[WHAT YOU SHOULD DO]: Your output should be the line that contains "this 2000×1125 image." and all lines after it in the records, retyped exactly through the last one.

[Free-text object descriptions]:
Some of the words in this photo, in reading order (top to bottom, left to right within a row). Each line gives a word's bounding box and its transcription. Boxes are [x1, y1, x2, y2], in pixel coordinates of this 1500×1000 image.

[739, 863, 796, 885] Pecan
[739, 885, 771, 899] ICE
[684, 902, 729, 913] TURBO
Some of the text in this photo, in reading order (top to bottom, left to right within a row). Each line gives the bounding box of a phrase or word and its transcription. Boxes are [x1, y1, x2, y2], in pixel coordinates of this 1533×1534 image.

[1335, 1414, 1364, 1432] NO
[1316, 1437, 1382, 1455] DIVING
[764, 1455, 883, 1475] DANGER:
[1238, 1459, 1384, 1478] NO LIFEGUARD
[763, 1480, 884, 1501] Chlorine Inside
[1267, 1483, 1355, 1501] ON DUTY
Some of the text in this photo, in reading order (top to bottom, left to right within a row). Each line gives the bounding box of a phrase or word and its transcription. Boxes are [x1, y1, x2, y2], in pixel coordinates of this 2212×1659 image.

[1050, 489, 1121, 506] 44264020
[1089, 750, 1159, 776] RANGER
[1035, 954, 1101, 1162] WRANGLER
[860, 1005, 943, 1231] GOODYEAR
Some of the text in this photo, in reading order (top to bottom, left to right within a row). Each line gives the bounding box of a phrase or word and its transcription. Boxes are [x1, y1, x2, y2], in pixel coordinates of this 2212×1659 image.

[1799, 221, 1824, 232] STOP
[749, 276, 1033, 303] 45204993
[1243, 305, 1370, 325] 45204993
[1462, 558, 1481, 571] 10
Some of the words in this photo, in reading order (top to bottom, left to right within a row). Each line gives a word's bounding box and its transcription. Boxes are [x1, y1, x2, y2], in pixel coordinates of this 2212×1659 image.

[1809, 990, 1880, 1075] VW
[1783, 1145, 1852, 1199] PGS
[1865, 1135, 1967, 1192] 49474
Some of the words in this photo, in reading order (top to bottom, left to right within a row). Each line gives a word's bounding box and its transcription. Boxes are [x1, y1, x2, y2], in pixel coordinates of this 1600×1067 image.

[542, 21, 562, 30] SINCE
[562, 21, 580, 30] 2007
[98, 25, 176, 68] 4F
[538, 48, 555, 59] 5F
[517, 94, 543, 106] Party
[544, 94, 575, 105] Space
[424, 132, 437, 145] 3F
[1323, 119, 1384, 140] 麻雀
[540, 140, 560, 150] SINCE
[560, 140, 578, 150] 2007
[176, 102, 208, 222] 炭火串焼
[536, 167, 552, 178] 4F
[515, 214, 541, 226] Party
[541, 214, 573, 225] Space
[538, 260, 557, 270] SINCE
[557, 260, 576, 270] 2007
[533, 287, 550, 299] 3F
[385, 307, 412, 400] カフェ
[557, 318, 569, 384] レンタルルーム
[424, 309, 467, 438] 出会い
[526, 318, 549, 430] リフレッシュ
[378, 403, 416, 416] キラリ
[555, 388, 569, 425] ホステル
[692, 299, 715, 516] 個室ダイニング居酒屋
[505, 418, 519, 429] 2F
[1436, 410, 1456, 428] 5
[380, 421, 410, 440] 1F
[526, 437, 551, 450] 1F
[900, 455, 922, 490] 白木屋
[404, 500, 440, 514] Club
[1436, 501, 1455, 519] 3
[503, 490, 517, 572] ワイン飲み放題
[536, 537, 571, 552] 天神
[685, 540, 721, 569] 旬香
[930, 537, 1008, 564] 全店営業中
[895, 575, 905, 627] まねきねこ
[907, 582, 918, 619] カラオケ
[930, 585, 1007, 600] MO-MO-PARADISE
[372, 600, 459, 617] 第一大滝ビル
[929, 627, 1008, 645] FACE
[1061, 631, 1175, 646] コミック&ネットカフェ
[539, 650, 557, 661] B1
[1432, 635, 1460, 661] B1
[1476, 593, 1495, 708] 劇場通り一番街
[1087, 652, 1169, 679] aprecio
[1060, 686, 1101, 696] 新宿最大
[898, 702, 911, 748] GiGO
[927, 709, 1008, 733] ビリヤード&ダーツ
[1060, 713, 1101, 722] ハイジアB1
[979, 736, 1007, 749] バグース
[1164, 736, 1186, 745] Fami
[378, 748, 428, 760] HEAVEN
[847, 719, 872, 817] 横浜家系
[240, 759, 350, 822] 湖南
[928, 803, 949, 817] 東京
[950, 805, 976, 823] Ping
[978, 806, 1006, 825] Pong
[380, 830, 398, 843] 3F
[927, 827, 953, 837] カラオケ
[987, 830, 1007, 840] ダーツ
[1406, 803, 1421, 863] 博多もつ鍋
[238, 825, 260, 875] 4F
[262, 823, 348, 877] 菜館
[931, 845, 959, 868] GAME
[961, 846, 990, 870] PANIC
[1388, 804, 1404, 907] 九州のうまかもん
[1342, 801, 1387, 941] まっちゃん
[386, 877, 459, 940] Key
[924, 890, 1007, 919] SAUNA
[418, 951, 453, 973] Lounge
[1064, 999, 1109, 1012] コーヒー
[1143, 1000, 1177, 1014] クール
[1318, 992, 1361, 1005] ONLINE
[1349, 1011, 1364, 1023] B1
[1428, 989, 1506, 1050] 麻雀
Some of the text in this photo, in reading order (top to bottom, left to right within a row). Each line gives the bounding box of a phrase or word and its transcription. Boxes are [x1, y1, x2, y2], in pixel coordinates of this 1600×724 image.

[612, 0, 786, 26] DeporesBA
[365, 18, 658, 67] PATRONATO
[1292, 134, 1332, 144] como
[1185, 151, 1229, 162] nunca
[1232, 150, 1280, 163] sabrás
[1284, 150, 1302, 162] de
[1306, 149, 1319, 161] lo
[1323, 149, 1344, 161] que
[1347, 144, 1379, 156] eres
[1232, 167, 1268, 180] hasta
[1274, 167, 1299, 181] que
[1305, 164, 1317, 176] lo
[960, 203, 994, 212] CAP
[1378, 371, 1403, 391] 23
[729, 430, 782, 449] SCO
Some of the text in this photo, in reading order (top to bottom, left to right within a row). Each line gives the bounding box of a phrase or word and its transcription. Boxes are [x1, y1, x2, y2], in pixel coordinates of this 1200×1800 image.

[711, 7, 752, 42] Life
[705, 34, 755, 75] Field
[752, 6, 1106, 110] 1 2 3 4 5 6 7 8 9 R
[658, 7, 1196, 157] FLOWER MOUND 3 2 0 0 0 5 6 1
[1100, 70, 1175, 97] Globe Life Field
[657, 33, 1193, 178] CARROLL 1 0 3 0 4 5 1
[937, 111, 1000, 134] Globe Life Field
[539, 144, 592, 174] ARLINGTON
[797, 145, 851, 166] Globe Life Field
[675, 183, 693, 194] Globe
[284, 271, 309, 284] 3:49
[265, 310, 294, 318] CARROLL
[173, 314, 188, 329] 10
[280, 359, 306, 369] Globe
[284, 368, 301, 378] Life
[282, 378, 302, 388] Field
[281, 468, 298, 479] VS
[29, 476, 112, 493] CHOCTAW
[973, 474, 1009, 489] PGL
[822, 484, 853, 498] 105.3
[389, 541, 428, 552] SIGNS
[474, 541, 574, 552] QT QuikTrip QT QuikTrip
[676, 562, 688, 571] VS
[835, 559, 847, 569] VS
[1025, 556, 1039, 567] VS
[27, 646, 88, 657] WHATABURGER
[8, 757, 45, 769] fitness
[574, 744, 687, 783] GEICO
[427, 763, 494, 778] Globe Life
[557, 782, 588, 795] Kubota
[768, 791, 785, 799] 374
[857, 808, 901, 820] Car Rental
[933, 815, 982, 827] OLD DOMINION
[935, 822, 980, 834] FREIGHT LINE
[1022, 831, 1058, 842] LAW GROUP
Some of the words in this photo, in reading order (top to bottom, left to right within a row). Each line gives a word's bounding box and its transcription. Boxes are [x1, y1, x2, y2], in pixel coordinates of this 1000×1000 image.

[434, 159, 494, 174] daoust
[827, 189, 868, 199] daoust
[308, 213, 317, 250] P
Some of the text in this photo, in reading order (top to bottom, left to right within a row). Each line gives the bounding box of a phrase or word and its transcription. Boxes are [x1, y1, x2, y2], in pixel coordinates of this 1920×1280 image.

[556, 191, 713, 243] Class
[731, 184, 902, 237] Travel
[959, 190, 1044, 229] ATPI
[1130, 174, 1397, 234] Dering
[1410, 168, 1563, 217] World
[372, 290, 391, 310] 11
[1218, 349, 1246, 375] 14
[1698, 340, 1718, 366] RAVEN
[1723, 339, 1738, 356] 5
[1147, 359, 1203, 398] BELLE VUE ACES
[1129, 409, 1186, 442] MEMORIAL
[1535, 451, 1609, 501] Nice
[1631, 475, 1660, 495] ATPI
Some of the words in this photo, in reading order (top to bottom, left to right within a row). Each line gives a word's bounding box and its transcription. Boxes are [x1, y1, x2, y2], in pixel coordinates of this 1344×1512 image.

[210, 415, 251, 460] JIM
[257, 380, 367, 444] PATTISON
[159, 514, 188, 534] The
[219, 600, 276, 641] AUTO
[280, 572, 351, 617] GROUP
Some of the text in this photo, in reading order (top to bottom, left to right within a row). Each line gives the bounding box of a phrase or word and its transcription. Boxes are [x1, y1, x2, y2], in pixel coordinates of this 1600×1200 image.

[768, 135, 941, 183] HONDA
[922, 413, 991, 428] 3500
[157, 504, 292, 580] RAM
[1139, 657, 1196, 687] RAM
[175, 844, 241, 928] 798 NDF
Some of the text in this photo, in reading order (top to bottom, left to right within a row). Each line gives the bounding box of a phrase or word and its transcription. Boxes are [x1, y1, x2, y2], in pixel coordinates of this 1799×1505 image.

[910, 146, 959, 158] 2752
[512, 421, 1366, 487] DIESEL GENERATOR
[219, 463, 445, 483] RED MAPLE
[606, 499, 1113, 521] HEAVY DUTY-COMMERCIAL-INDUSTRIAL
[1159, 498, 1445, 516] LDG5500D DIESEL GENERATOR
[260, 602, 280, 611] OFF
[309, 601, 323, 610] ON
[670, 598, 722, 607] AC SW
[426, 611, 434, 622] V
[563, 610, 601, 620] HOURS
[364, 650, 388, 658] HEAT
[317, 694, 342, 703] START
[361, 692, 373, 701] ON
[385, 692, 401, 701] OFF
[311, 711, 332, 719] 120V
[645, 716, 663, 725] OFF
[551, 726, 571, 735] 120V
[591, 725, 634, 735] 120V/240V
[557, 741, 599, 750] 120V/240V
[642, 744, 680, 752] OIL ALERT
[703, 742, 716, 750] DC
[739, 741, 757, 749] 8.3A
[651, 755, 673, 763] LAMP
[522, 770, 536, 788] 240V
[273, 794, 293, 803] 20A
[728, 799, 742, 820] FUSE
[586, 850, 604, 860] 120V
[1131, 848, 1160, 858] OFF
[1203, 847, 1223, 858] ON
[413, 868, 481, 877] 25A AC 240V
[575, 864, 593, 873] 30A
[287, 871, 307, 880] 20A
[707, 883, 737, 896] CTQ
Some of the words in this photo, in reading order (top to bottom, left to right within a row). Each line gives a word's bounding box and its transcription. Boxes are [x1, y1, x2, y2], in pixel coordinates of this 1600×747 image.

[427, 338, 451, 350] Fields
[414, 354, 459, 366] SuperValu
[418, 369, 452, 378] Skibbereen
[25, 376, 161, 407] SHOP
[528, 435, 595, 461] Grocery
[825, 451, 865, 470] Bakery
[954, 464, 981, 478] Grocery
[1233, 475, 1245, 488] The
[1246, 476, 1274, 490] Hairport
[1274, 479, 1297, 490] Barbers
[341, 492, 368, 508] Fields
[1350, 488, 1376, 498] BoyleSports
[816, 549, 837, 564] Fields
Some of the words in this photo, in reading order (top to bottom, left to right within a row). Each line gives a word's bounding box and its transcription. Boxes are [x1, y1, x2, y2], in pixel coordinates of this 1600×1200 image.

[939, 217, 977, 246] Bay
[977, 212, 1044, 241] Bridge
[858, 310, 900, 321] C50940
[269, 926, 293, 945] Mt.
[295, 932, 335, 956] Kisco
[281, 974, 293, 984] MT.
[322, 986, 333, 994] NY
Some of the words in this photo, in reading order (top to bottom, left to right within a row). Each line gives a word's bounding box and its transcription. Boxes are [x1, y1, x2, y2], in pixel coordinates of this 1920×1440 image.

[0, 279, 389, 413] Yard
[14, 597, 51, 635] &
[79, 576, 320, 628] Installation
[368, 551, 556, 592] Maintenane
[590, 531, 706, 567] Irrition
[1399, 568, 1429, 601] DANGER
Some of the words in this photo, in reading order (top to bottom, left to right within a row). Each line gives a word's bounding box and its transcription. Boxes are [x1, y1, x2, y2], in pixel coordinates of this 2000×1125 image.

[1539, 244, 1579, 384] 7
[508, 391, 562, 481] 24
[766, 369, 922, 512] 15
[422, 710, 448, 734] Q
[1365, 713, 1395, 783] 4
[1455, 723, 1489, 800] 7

[ANSWER TO THE EXERCISE]:
Some of the words in this photo, in reading order (top to bottom, left to right within a row). Each line gives a word's bounding box and its transcription. Boxes are [x1, y1, x2, y2], in pixel coordinates of this 2000×1125 image.

[1539, 244, 1579, 384] 7
[508, 391, 562, 481] 24
[766, 369, 922, 512] 15
[422, 710, 448, 734] Q
[1365, 713, 1395, 783] 4
[1455, 723, 1489, 800] 7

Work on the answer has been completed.